The single-day record from the worst of the US outbreak was 4 405 deaths registered on January 20, according to the Centers for Disease Control and Prevention (CDC). While cases there wane as immunizations ramp up, Brazil’s outbreak is spiraling out of control, with vaccines in short supply and the president fighting lockdowns.
Brazil’s public healthcare system has shown growing signs of buckling under the caseload, and a survey by the National Association of Private Hospitals (ANAHP) this week suggests even the richest hospitals are running short on critical medicine.
Three out of four private hospitals said they have a week or less of supplies for treating COVID-19, including oxygen, anesthesia and essential drugs for intubation, according to the ANAHP survey of 88 member hospitals across the country.

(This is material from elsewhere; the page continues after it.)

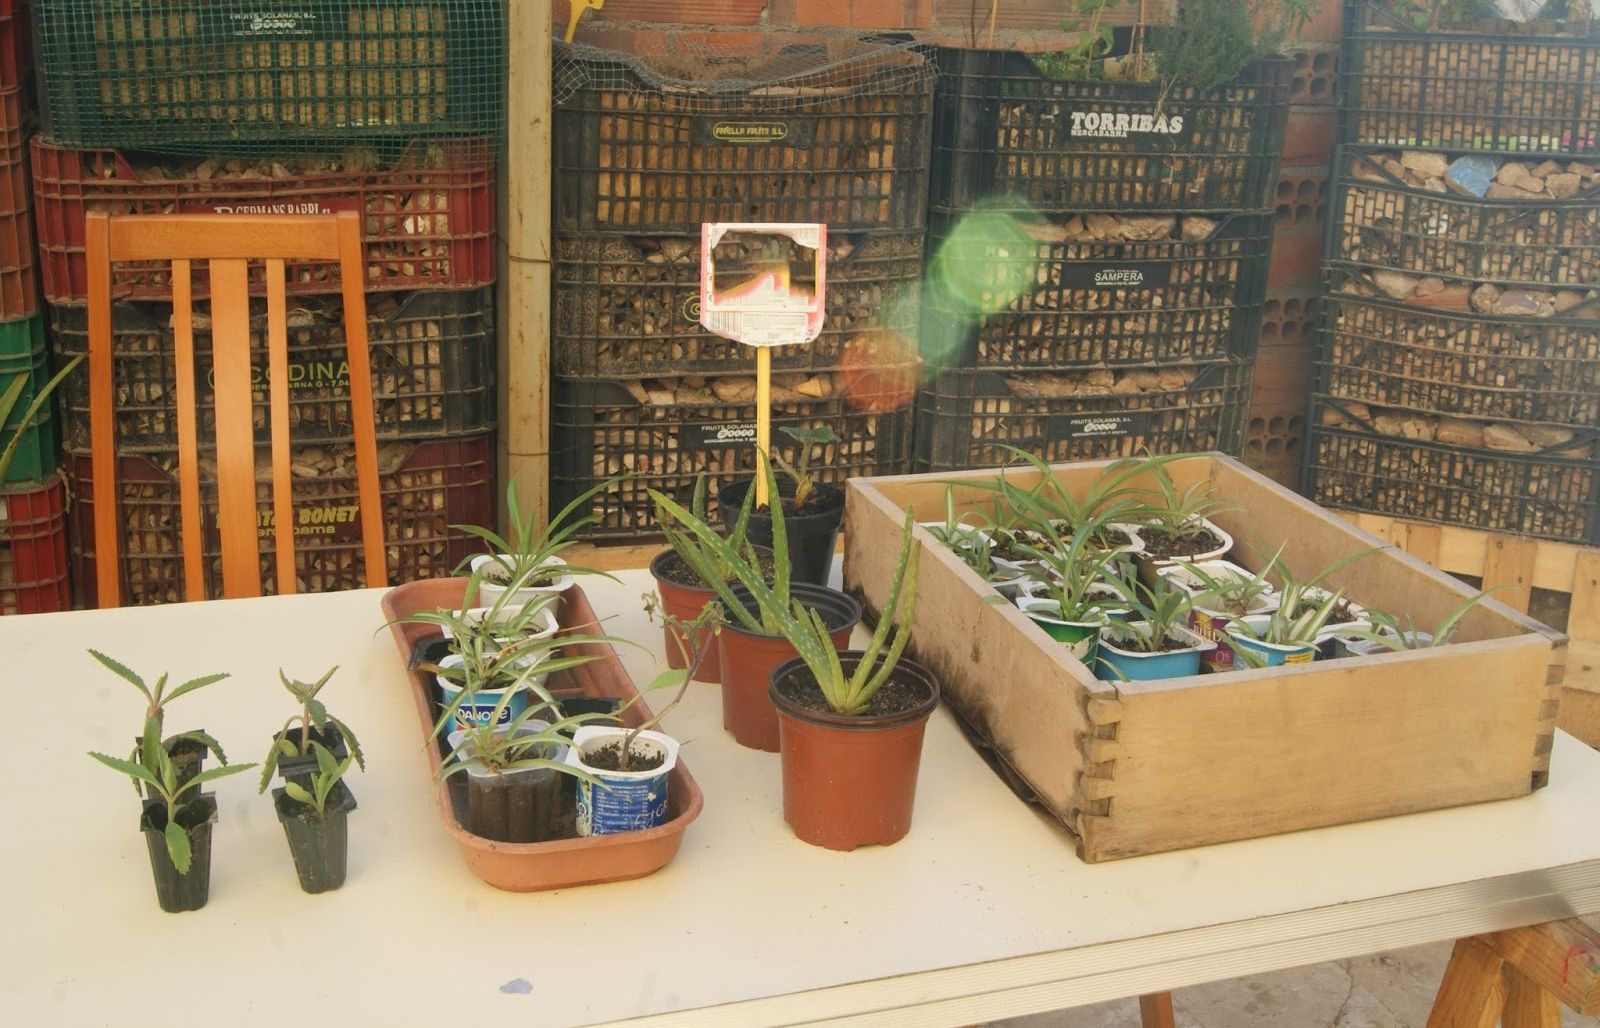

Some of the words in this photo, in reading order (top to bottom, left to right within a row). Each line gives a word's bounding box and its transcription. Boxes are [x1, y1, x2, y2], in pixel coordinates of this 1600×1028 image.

President Jair Bolsonaro’s government has played down the risk of the country’s hospitals running out of medicine, as the right-wing leader tries to allay fears of the virus, while railing against state and local efforts to restrict movement.
“Let’s not cry over spilled milk. We’re still going through a pandemic that, in part, is being used politically – not to defeat the virus but to bring down the president,” Bolsonaro said in a public address on Wednesday. “In what country on earth do people not die? Unfortunately, people die everywhere.”
More than 345 000 people have died of COVID-19 in Brazil, making it the second-deadliest outbreak after the United States, whose population is about 50% greater.
As Brazil suffers the worst of the pandemic, the country has become a testing ground for new vaccines.
Brazilian health regulator Anvisa on Thursday approved the fifth late-stage trial for a COVID-19 vaccine in the country, greenlighting a study by Canada’s Medicago R&D Inc and GlaxoSmithKline PLC.
Anvisa said the companies were authorized to conduct phase 3 trials in the country. The companies are recruiting around 3 500 volunteers in Brazil for the study, which will include some 30 000 people, in the US, Canada, Europe and Latin America.